With what seemed a titanic effort, she managed to pry one eye open, the other resisting her will with the force of the swelling that had deformed the right side of her face. Beyond the panorama of the carpet, stained with her own blood, she saw the blurred image of a combat boot, then its mate as it slowly swam into focus. For now, the vision of the two boots on the bloody rug was the extent of her world.

“Shouldn’t Cerda have checked in with us?” a voice from somewhere above asked in a high, nasal voice. “Maybe we should go check on the president, or something.”

“Shut up,” said another, deeper voice, one familiar with being in charge of any situation. “If you want to brown nose, just butt snorkel with Cerda and keep away from Borge. Treak,” he called to a third, “go forward and see what the hell’s going on. Find out what we’re supposed to do with this trash.” A boot prodded Jodi’s buttocks, but she only felt a vague pressure, nothing more. She was numb below the waist, and a tentative command to curl one of her toes disappeared into darkness, unheeded. Her lower body was paralyzed.

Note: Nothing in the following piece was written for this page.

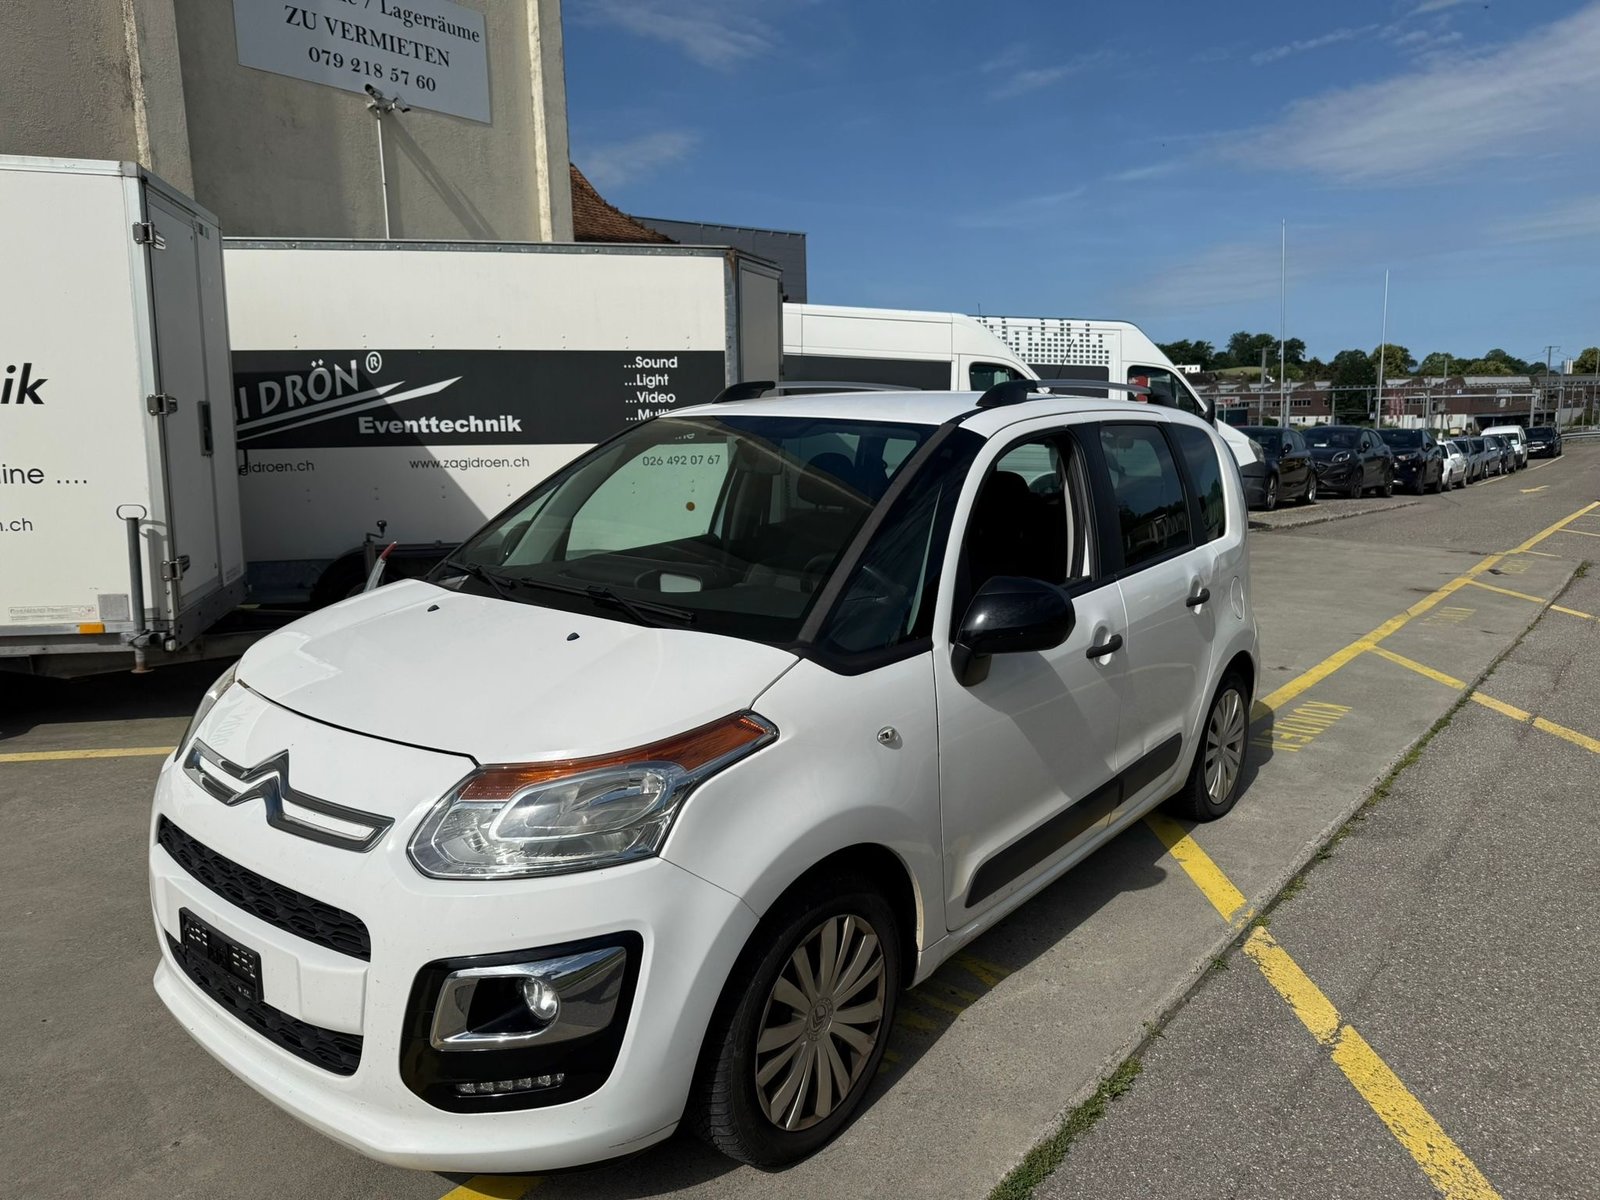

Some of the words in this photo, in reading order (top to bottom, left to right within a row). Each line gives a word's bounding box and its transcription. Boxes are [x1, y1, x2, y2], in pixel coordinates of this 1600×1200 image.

“Sure, sarge,” someone answered casually, and she heard heavy soles clump toward an exit, a door slid open–

–and then all hell broke loose.

“Look out!” someone cried as a lion’s roar ripped through the room, followed by her captors screaming and shouting. A few shots thundered out, and Jodi could see a rush of booted feet running toward the door.

And there was another sound, one she recognized instantly as the lethal whisper of a shrekka whirling through the air. One man’s scream was cut off in mid-sentence, and Jodi heard two distinct thumps as his severed head and then his body hit the deck. She also heard the distinct rhythm of a blade scything through the air, armor, and flesh with equal ease.

The Kreelans have boarded, she thought, her hopes for rescue dying, replaced now by the hope that her torment would soon be ended.

Suddenly, the sounds of fighting were gone, and the only sign visible to Jodi that a battle had raged was the curling smoke that stung her single good eye.

A sandaled foot stepped into her view, and she closed her swelling eye, waiting for the final blow to come. If nothing else, she thought, the Kreelans had never sought to make humans suffer, as other humans did. Whatever their motives for war, it was to fight and die. To kill the enemy or be killed oneself. The desire for torture and suffering that Man inflicted upon others of his own kind was absent in the hearts and minds of the Kreelans. Death would come quickly, now, painlessly.

“Jodi?” she heard a hoarse whisper from lips she had once kissed.

“Reza?” she said, not willing to believe that her luck, perhaps, was finally turning, and for the better. “Is it you?” She tried to lift her head enough to see his face. The pain that was her reward left a moaning cry in her throat and a savage, flaming agony shooting up and down her spine.